Several officials declined to say whether there has been any direct communications with the insurgents or whether any demands had been made for the return of the soldier, who is a private first class. The military was largely silent about details surrounding the kidnapping, believed to be the first such abduction of a U.S. service member in the nearly eight-year-old war.
Officials said there were conflicting reports that the military was trying to sort out, including which Taliban insurgents may be holding him.
“We are not providing further details to protect the soldier’s well-being,” said Capt. Elizabeth Mathias, a spokeswoman in Afghanistan. Officials would not release his name or other details.
“We understand him to have been captured by militant forces,” Mathias said. “We have all available resources out there looking for him and hopefully providing for his safe return.”
U.S. troops were brought in from nearby areas to help with the search, which included helicopters, Afghan Army support and increased use of intelligence gathering resources, officials said.

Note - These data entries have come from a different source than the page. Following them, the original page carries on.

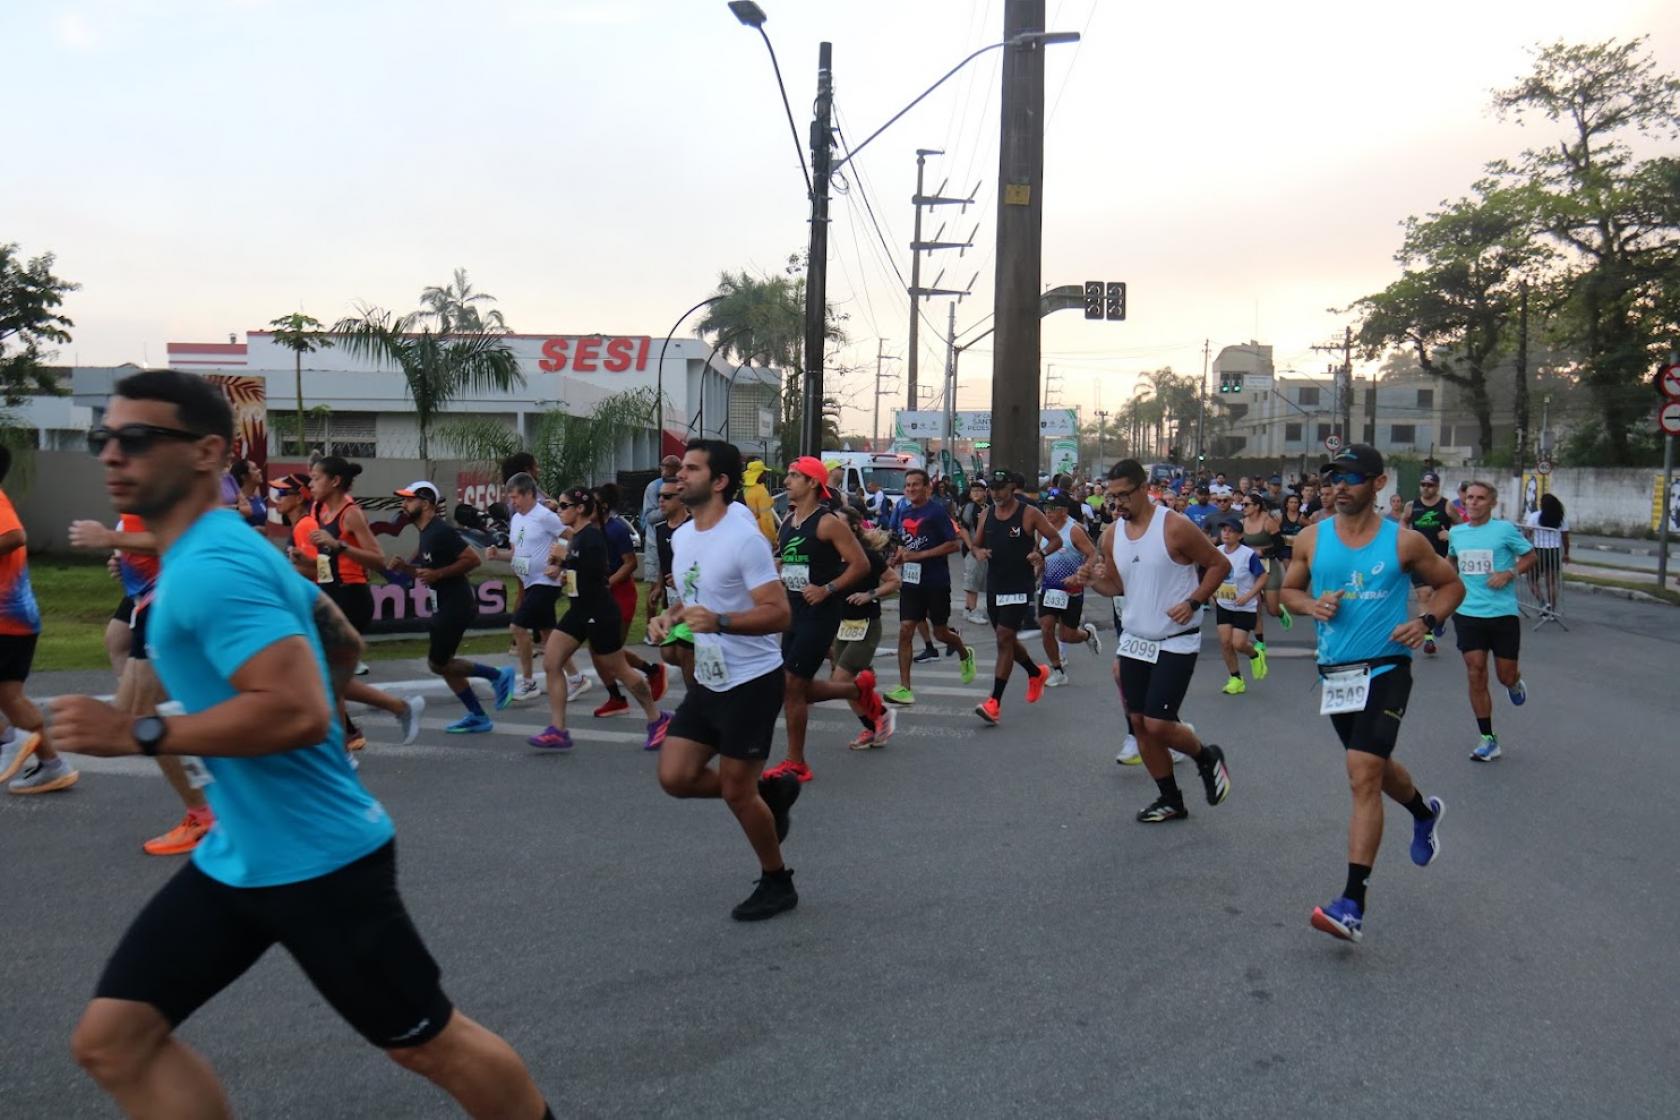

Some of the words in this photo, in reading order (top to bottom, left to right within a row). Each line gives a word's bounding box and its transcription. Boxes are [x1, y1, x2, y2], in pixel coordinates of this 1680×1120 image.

[538, 335, 651, 373] SESI
[1461, 560, 1492, 572] 2919
[370, 577, 505, 620] nts
[1121, 639, 1157, 659] 2099
[1326, 686, 1366, 708] 2549

There was no immediate public claim of responsibility from any insurgent group. But large sweeps of eastern Afghanistan along Pakistan’s border are believed controlled by the Taliban faction known as the Haqqani network, which also operates on the Pakistan side in that nation’s lawless tribal region.
The network is led by warlord Sirajuddin Haqqani, whom the U.S. has accused of masterminding beheadings and suicide bombings, including the July 2008 attack on the Indian Embassy in Kabul that killed some 60 people. The Haqqani group also was linked to an assassination attempt earlier last year on Afghan president Hamid Karzai.
News of the suspected capture broke as thousands of U.S. Marines launched a major anti-Taliban offensive in southern Afghanistan. The missing soldier was not part of that operation.
Afghan Police Gen. Nabi Mullakheil said the soldier went missing in eastern Paktika province, where there is an American base operating near the Pakistan border.
The soldier was noticed missing during a routine check of the unit on Tuesday and was first listed as “duty status whereabouts unknown,” a U.S. defense official said on condition of anonymity.
Though he was missing, his body armor and weapon were found on the base, two officials said.
It wasn’t until Thursday that officials said publicly that he was missing and described him as “believed captured.” Details of such incidents are routinely held very tightly by the military as it works to retrieve a missing or captured soldier without giving away any information to captors.
Initial reports indicated that the soldier was off duty at the time he went missing, having just completed a shift, one of the officials said.
Two U.S. defense sources said the soldier “just walked off” post with three Afghans after he finished working. They said they had no explanation for why he left the base.
The missing man is serving in an Army infantry unit, and his family has been notified he is missing.
The unit was assigned to a combat outpost, one of a number of smaller bases set up by foreign forces in Afghanistan, the officials said.
Myriad insurgent groups operate in eastern Afghanistan, and the Taliban is only one of them. Zabiullah Mujaheed, a spokesman for the Taliban, could not confirm that the soldier was with any of their forces.
If the fears of the soldier’s capture are borne out, insurgents could exploit the development by making demands such as a prisoner exchange or use it for propaganda.
A number of civilians have been abducted in Afghanistan, including aid workers and journalists — both foreigners and Afghans.
But the only other service member that officials could recall who had been captured was Petty Officer 1st Class Neil C. Roberts, a 32-year-old Navy SEAL who was captured during a battle.
Roberts fell from a Chinook and was captured and killed by al-Qaida just months after the start of the war, in March 2002. Later, a second helicopter returned under fire and dropped troops near where Roberts fell. Six more Americans died in the fighting.
Associated Press writers Lolita C. Baldor in Washington and Fisnik Abrashi in Kabul contributed to this report.